I decided to rename my blog Philosophical Confessions in light of new formalized sensibilities informed by both experience and my philosophical propensities. My original motivation for this blog has not changed.
It is still:
Home to philosophical reflections on life issues. These will vary from philosophically dense scholarly-type papers, to quibbles, annotations, critiques, self-help guides, and problematics. It was the university, first as a student and later as a Professor of Philosophy, that was once home to my philosophical engagement with life issues. Initially this was an ideal forum for an interactive, passionate exchange of commonly entrenched concerns but as education came to suffer the ills of institutionalization more and more, and standardized policies replaced the creative, and biophilous dialectical flux that characterized the inter and intra-human exchange amongst practitioners of philosophy, this became an ever alienating experience. Yet the yearning for meaningful reflection has not waned and the practical application dating back to the Greeks has finally found new footing in Philosophical Counselling. Putting philosophy back on the streets and employing philosophical methods as a form of counselling constitute the two-tier structure of this blog. Negotiating the “truth” in all facets of life and living will be the driving force that both defines the parameters and implications of all philosophical reflections.

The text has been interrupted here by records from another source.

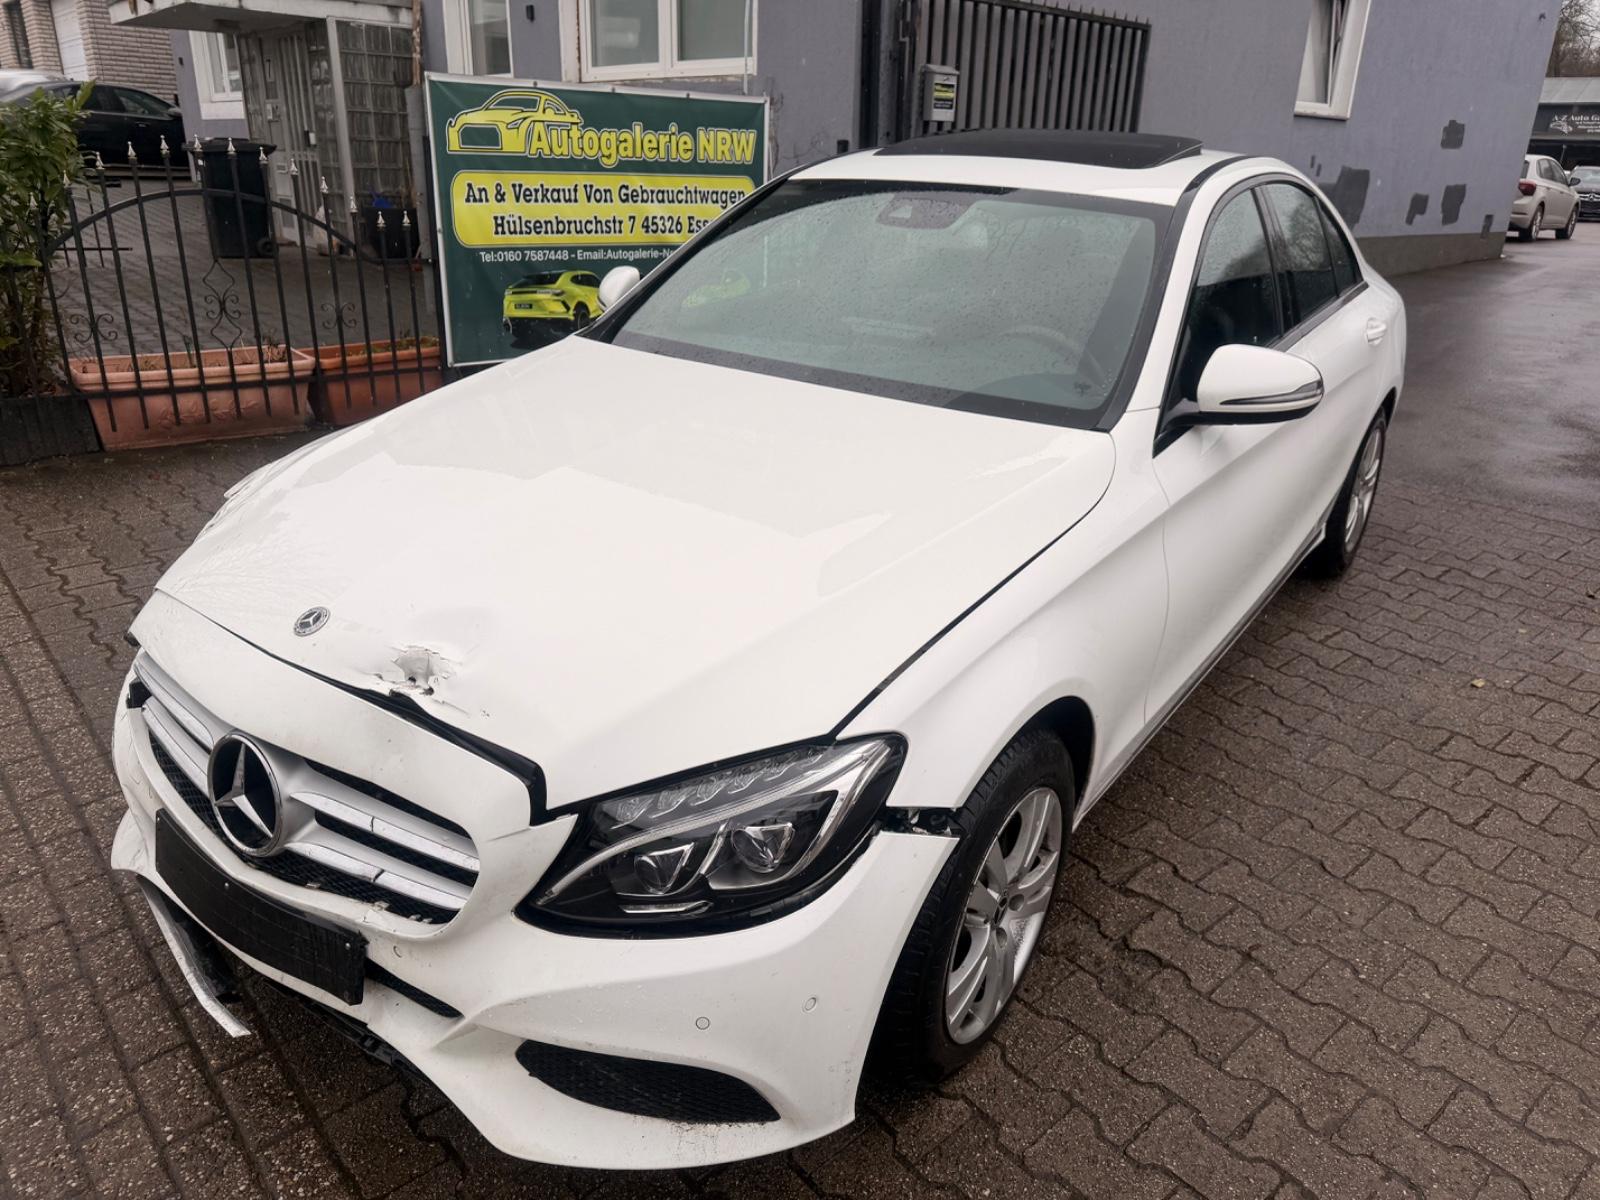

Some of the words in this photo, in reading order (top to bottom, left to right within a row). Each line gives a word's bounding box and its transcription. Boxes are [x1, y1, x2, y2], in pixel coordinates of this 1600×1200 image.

[529, 122, 694, 167] Autogalerie
[698, 128, 757, 164] NRW
[465, 182, 489, 203] An
[494, 182, 506, 203] &
[511, 183, 579, 204] Verkauf
[583, 184, 614, 204] Von
[618, 184, 746, 210] Gebrauchtwagen
[493, 214, 624, 235] Hülsenbruchstr
[628, 215, 637, 234] 7
[641, 215, 683, 234] 45326
[480, 251, 522, 262] Tel:0160
[525, 250, 569, 261] 7587448
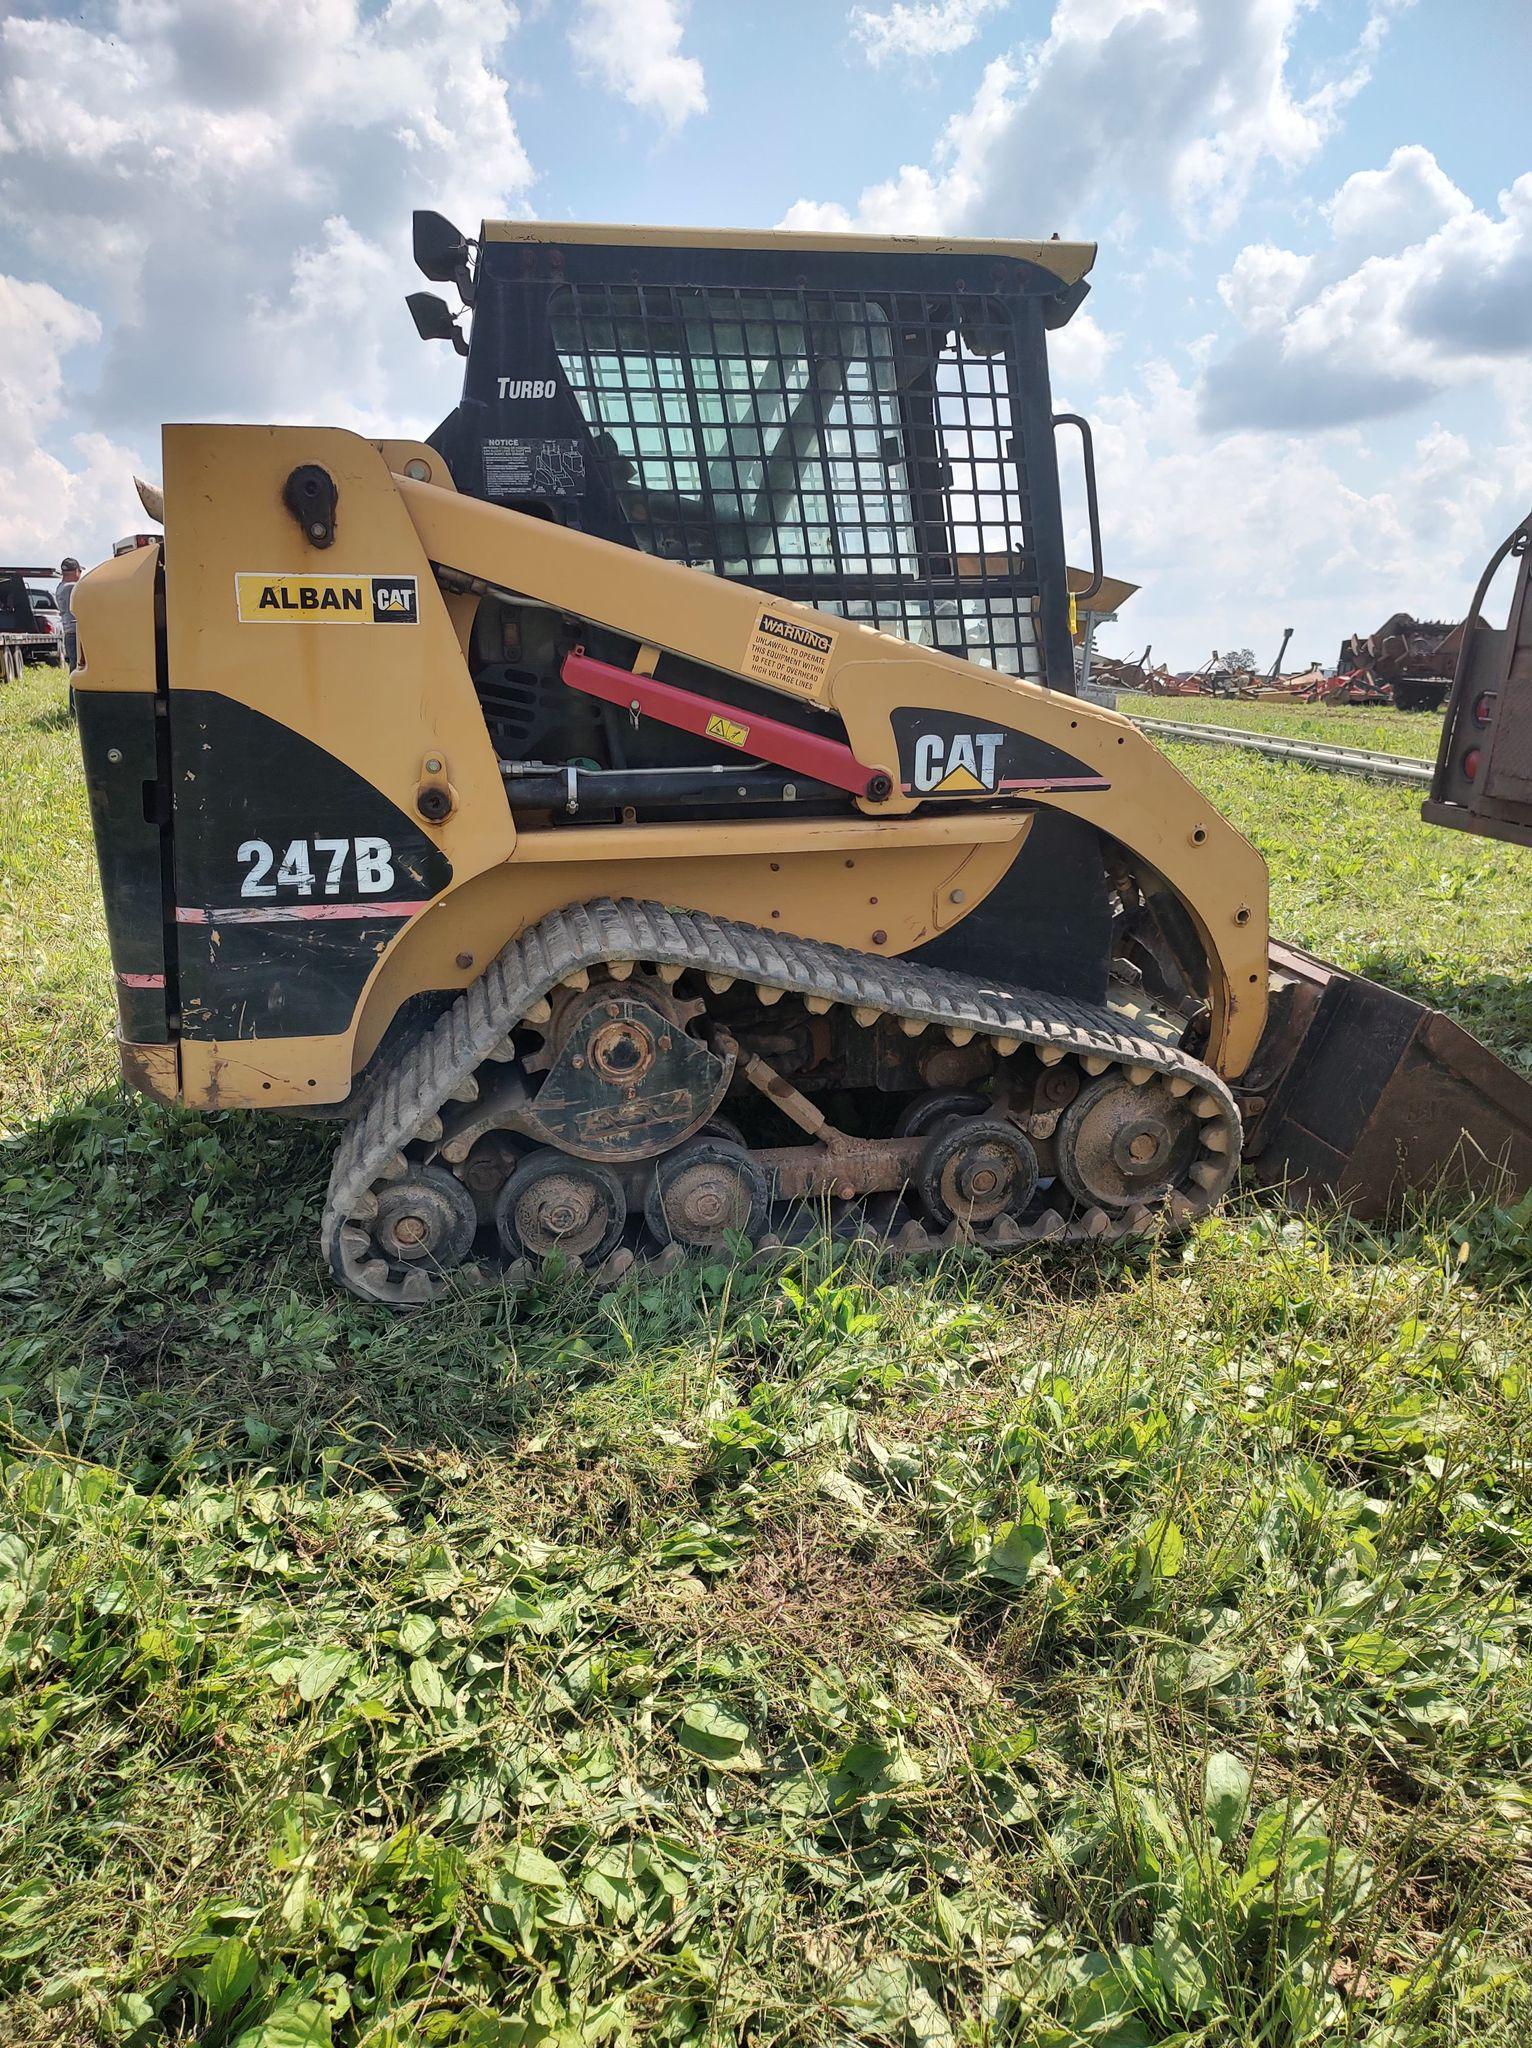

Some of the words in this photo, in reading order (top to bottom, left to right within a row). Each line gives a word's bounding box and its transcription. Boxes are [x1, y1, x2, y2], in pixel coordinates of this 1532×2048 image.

I am now enriched from years of ‘agitation’ that has both deepened and contoured my philosophical preoccupations. Not unlike Socrates, Kierkegaard, Nietzsche, Simone de Beauvoir and even might I daringly add, Veronica Franco (16th-century Venetian courtesan and poet), seeking the truth, the mainstay of all philosophical ventures, is sought not somewhere aloof, rigidly outside, beyond, over-and-against, or cast off from its visceral incarnation. For it is in how one lives one’s life that the truth is revealed. Writing brings truth to bear in a social domain which often goes amiss, creating havoc wherever misunderstanding perturbs interpretation. Confessionals add context; they are personalized moments in which the truth is disclosed or dislodged from the abundance that purveys life. Not then to be read like a map plotting life denotatively, but more like music rich in notational instructions which only properly comes to life when played …symphonically. I like to think of these confessionals as a symphony of sorts – however badly written, for I am no musician.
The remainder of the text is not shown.